Langkah itu dilakukan sehari setelah Erdogan mendesak Turki untuk memboikot barang-barang Prancis atas gambar Nabi Muhammad yang dipajang di Prancis, yang oleh banyak orang Muslim dianggap sebagai penghujatan.

Siapa Geert Wilders?

Wilders sering mengejutkan kalangan kebijakan Belanda dan menyinggung umat Islam.

Tempat dibebaskan dalam sidang ujaran kebencian tahun 2011 atas pernyataan dengan menyamakan Islam dengan Nazisme & menyerukan larangan Alquran.

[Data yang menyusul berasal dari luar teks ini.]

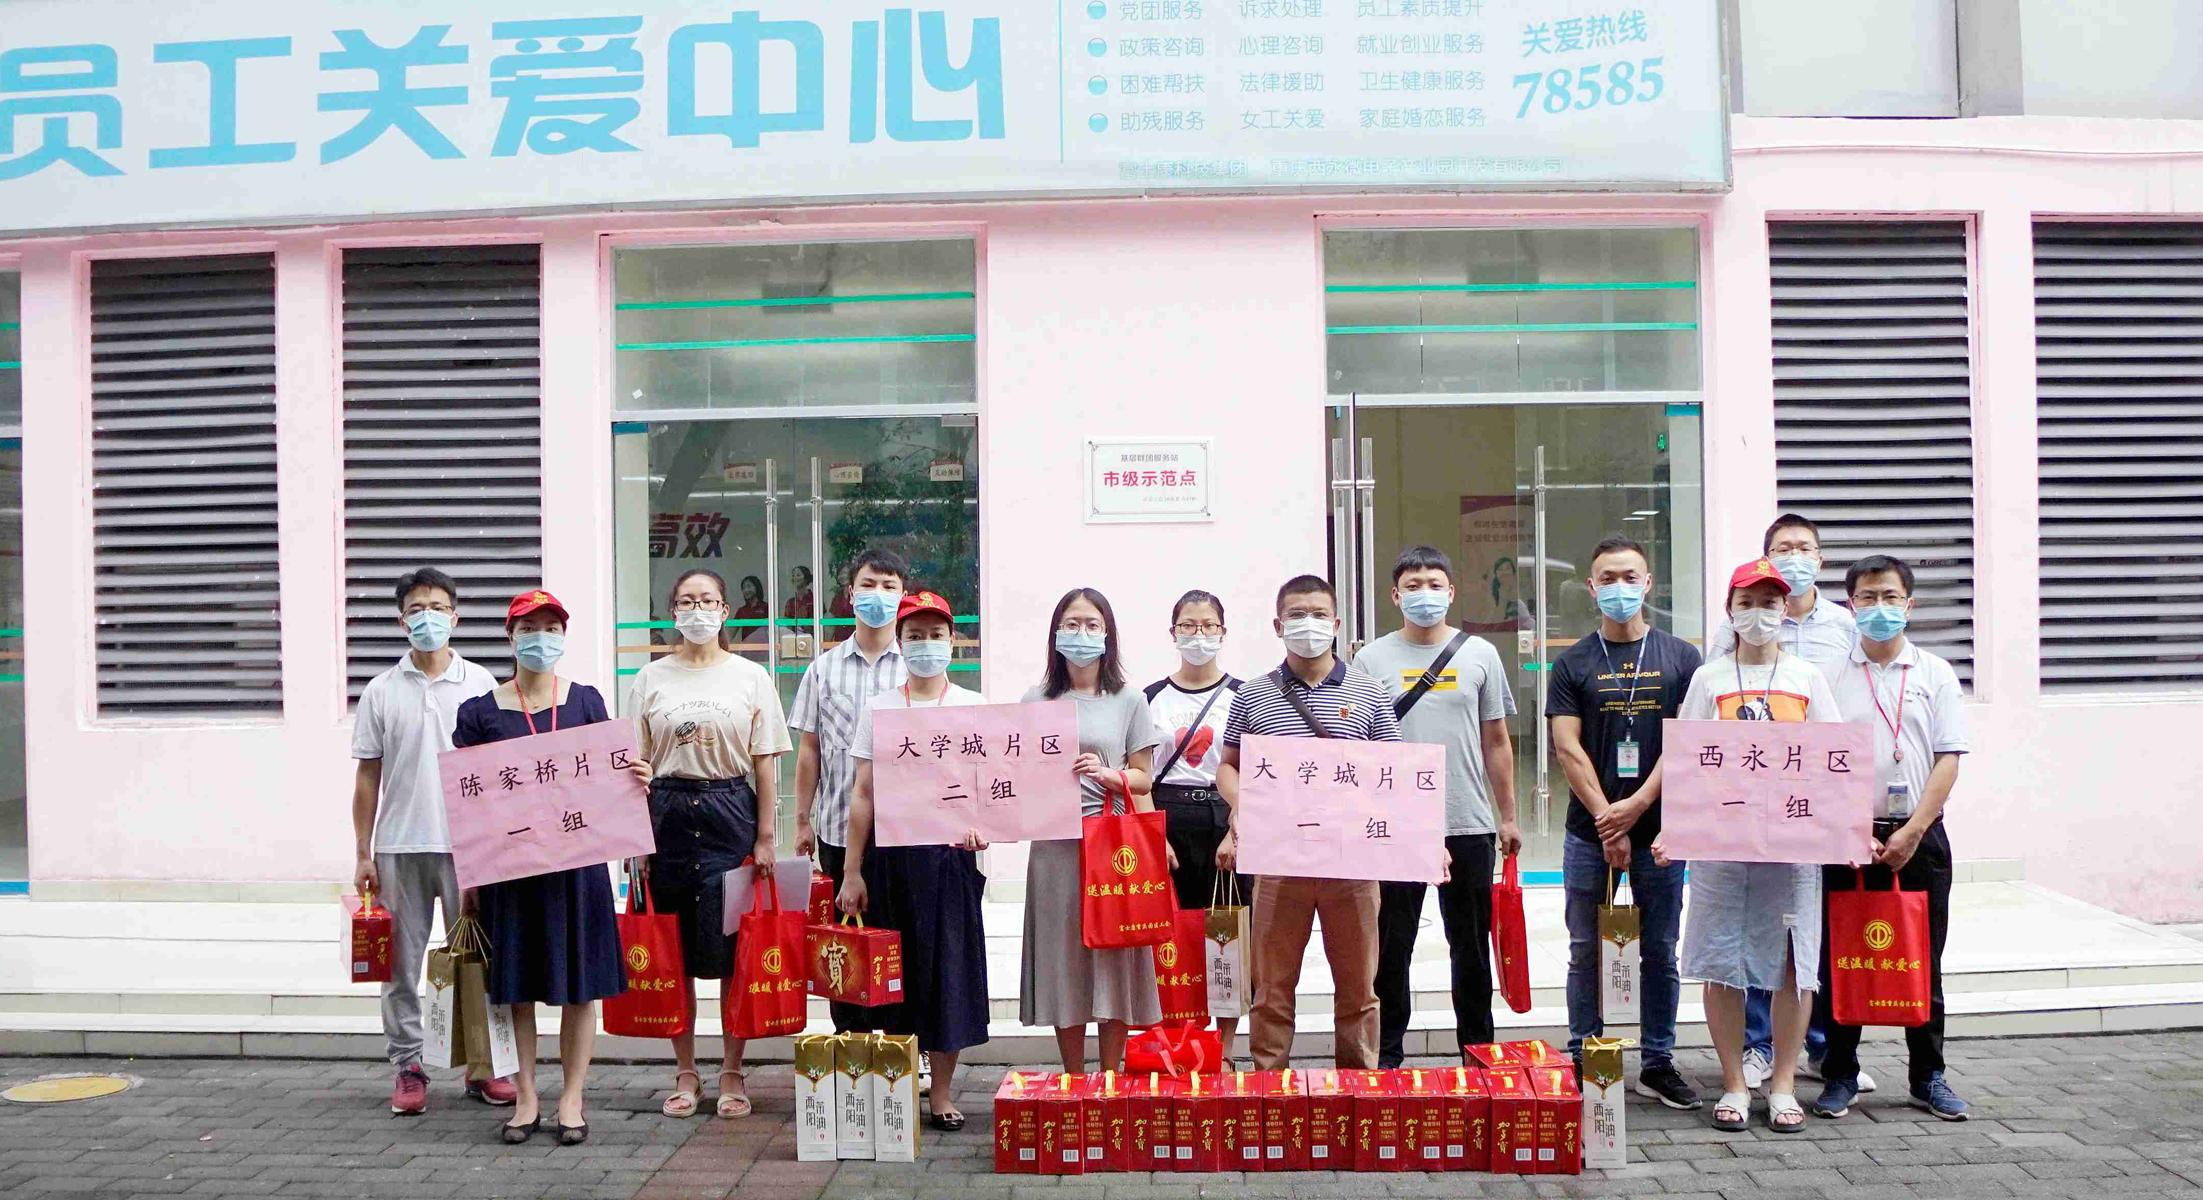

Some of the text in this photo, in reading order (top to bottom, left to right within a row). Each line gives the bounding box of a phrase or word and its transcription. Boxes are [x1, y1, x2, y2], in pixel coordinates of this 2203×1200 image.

[1119, 0, 1202, 21] 党团服务
[1239, 0, 1322, 19] 诉求处理
[1357, 33, 1485, 55] 就业创业服务
[1521, 9, 1648, 58] 关爱热线
[1119, 38, 1204, 58] 政策咨询
[1239, 35, 1323, 56] 心理咨询
[1120, 74, 1206, 95] 困难帮扶
[1239, 71, 1324, 93] 法律援助
[1359, 70, 1486, 93] 卫生健康服务
[1511, 56, 1664, 120] 78585
[0, 8, 1006, 181] 员工关爱中心
[1120, 110, 1206, 132] 助残服务
[1240, 108, 1325, 130] 女工关爱
[1359, 107, 1487, 129] 家庭婚恋服务
[1104, 470, 1196, 487] 市级示范点
[896, 733, 1062, 759] 大学城片区
[1699, 744, 1850, 773] 西永片区
[459, 748, 632, 798] 陈家桥片区
[1252, 757, 1437, 791] 大学城片区
[941, 778, 1016, 801] 二组
[1722, 795, 1813, 819] 一组
[507, 810, 588, 835] 一组
[1297, 817, 1391, 839] 一组
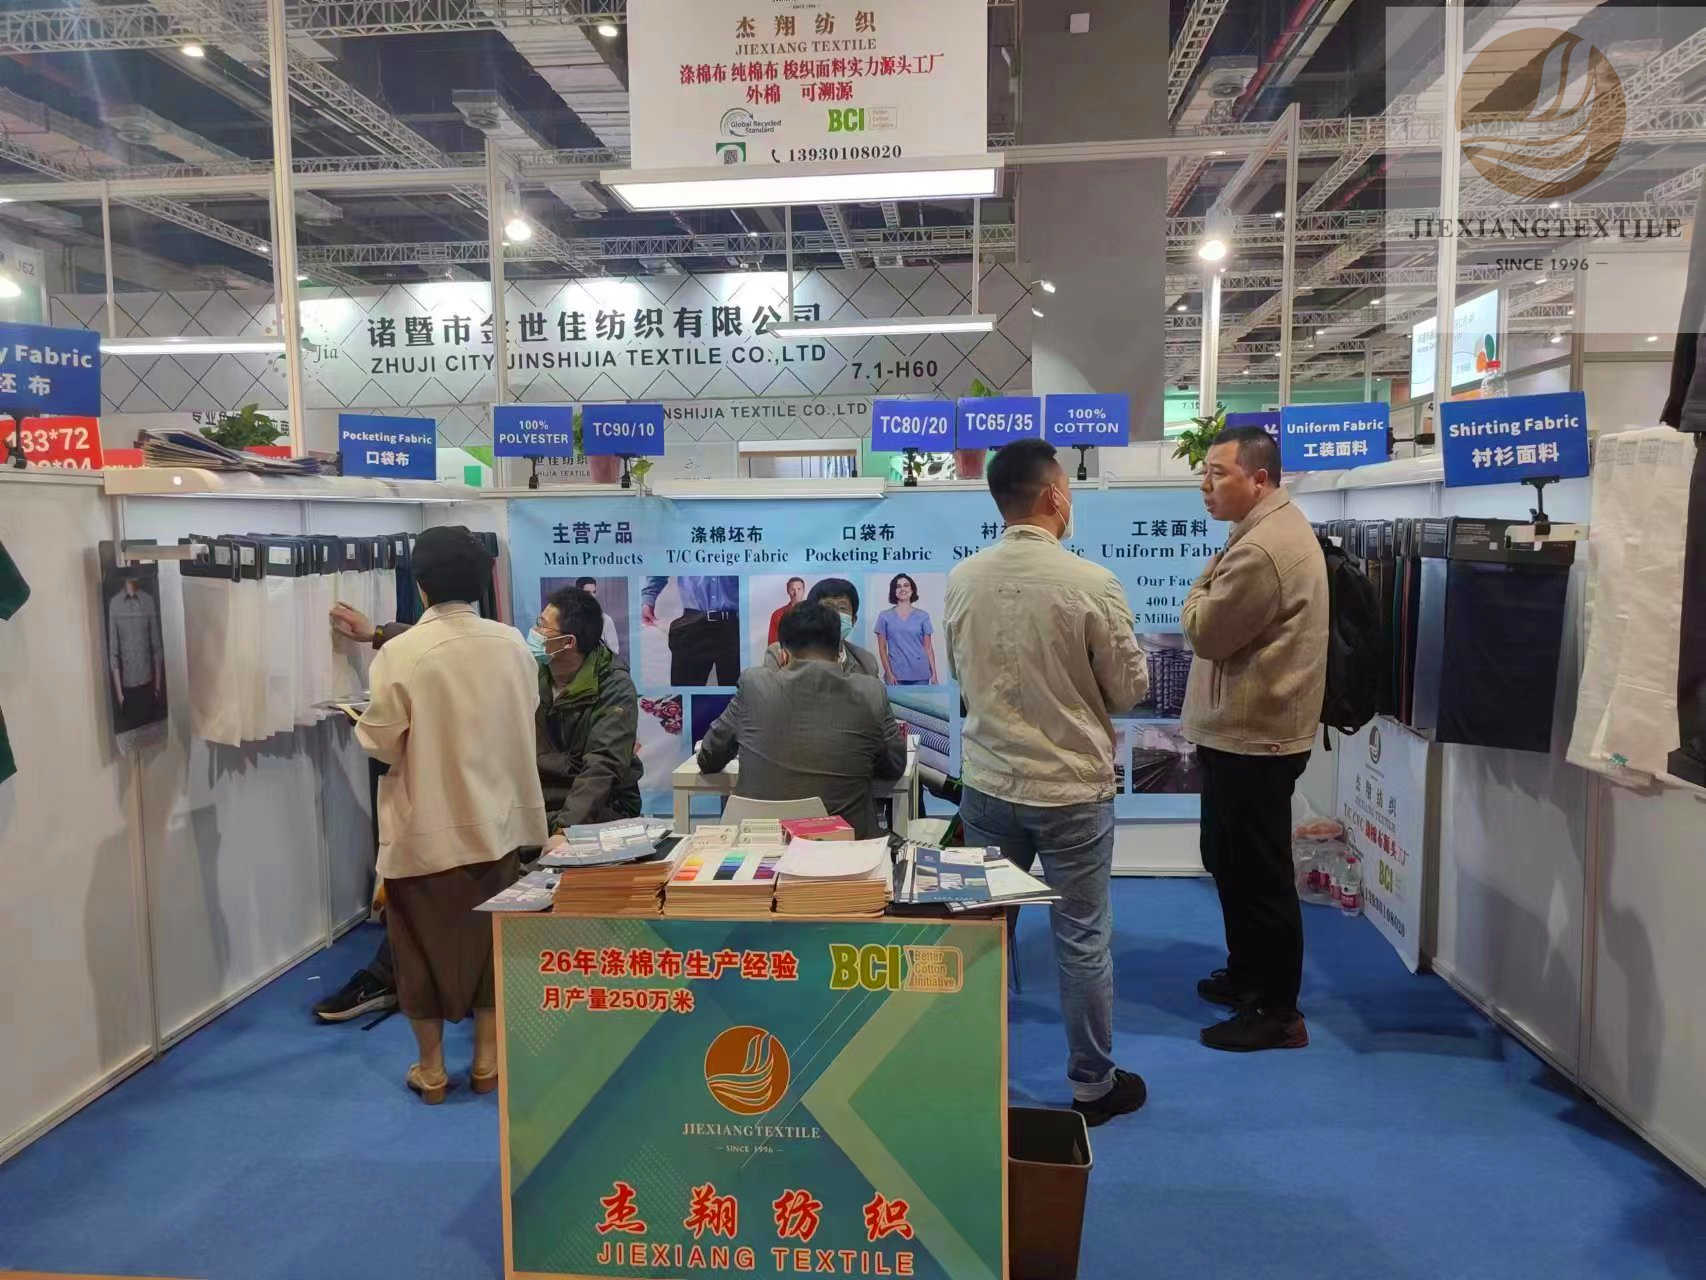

Bulan lalu dia dibebaskan oleh pengadilan banding atas dakwaan diskriminasi, meskipun pengadilan menguatkan dakwaan terhadapnya.

Wilders dituduh memimpin teriakan untuk agar ada “lebih kurang orang Maroko” di Belanda pada sebuah unjuk rasa tahun 2014.

Dalam 2016 dia dihukum karena tudingan menghina kelompok dan menghasut segregasi.

Namun politisi anti-Islam berusia 56 tahun itu menyebut kasus itu jadi pengadilan pertunjukan politik dan menantang putusan tersebut.

Dia berpendapat bahwa komentarnya harus dilindungi oleh atas benar kebebasan berbicara di negara tersebut.